***** DATA RECORDS *****

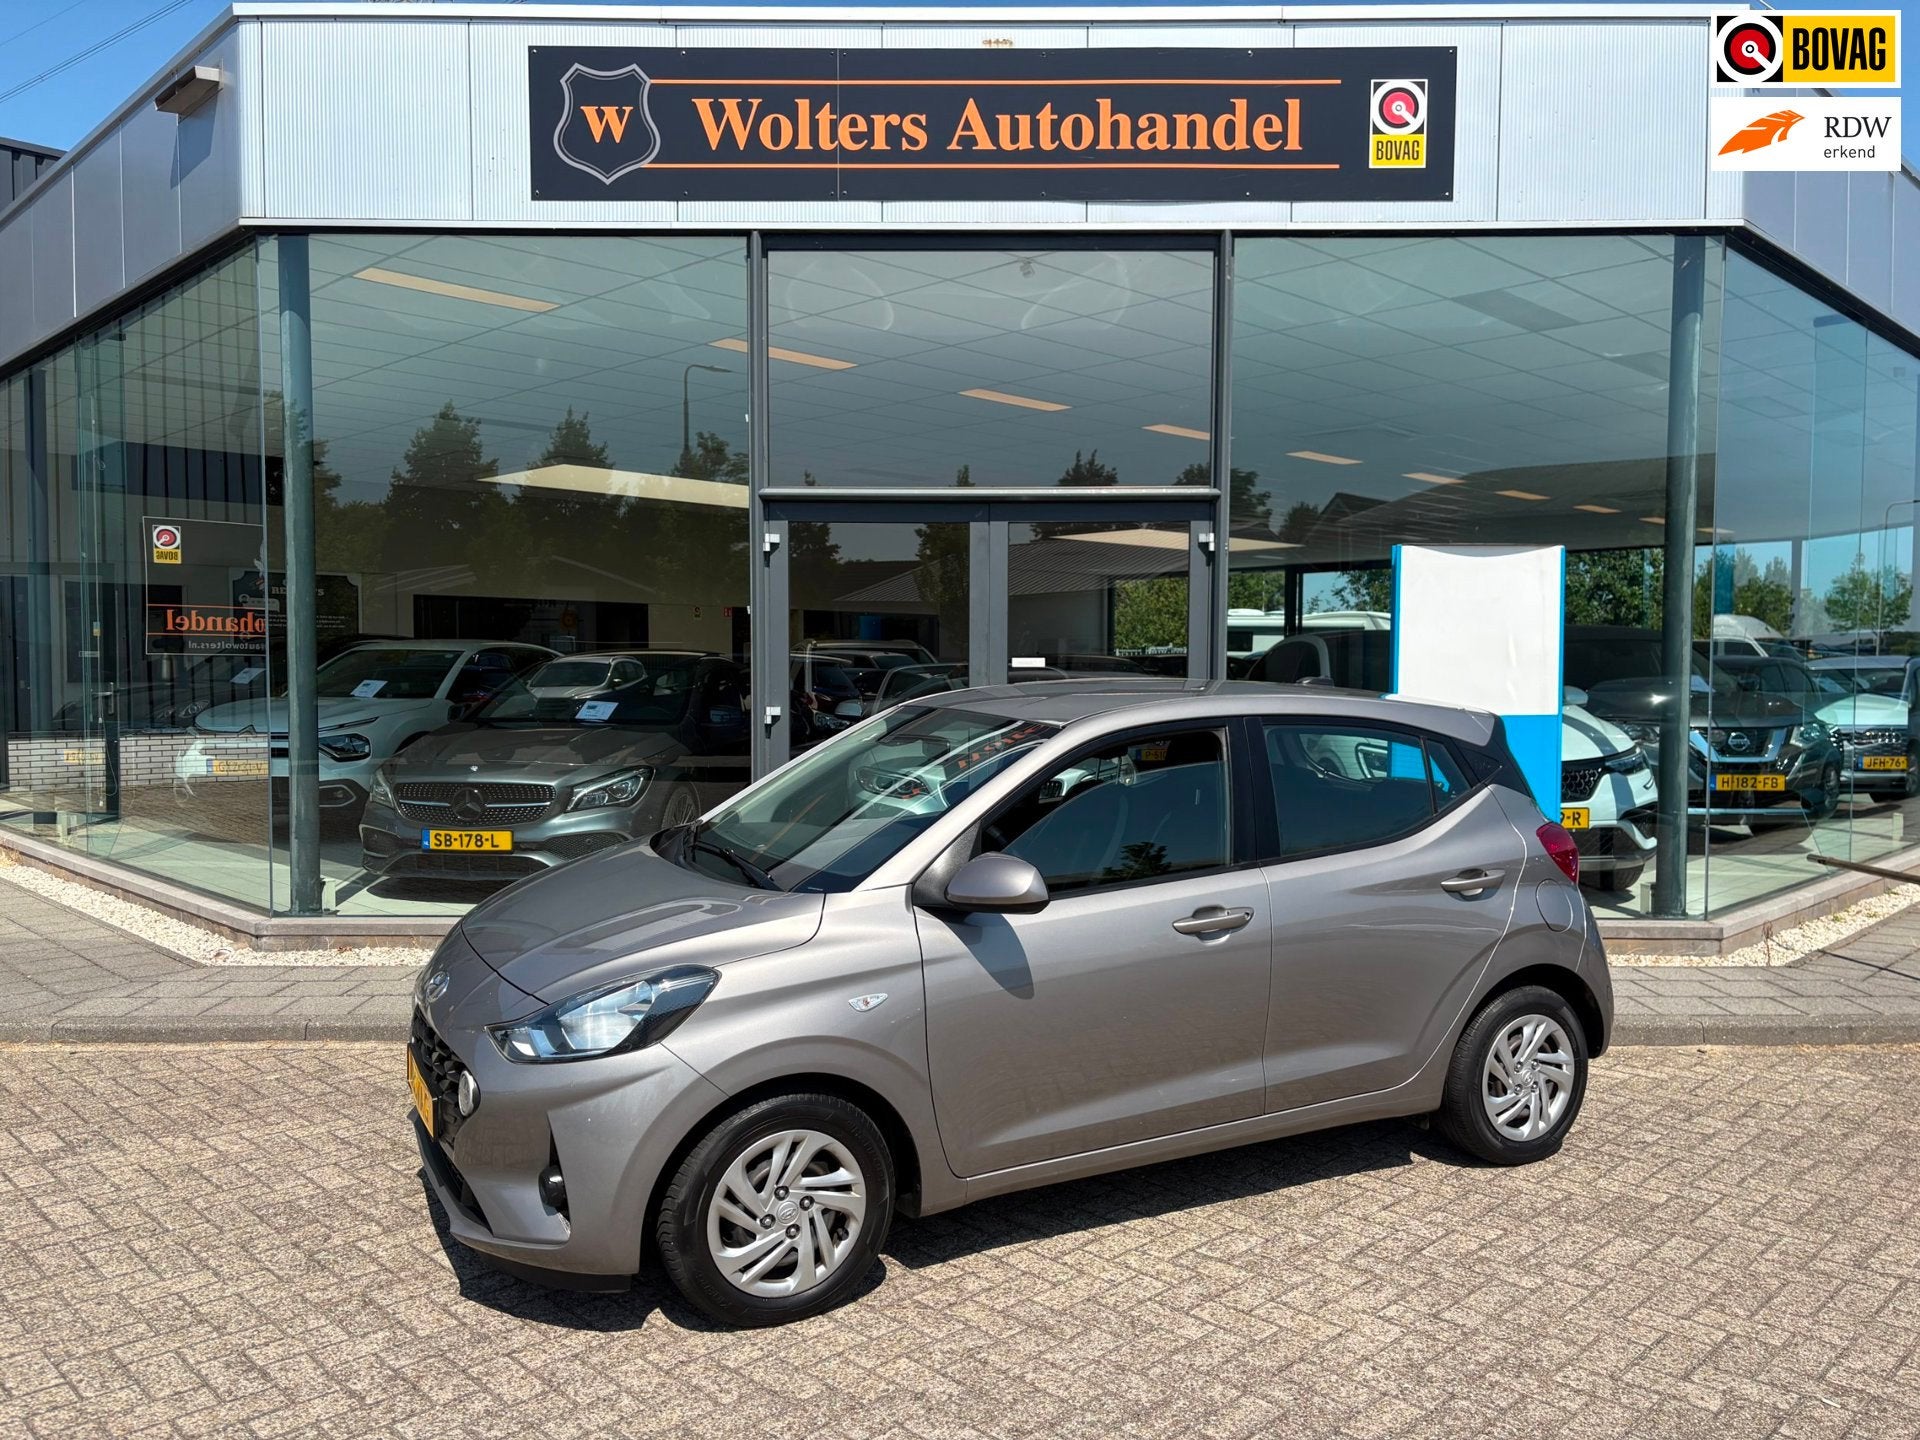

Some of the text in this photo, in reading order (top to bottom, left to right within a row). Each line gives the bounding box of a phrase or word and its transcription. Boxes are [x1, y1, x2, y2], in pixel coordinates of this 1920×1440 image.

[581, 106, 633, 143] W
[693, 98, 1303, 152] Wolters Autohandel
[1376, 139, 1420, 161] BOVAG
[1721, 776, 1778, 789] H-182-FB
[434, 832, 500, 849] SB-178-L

*****

* PROBLEM REQUIREMENTS
Leave the images aside and transcribe all entries exactly.

* SOLUTION TO THE EXERCISE
Some of the text in this photo, in reading order (top to bottom, left to right within a row). Each line gives the bounding box of a phrase or word and its transcription. Boxes are [x1, y1, x2, y2], in pixel coordinates of this 1920×1440 image.

[581, 106, 633, 143] W
[693, 98, 1303, 152] Wolters Autohandel
[1376, 139, 1420, 161] BOVAG
[1721, 776, 1778, 789] H-182-FB
[434, 832, 500, 849] SB-178-L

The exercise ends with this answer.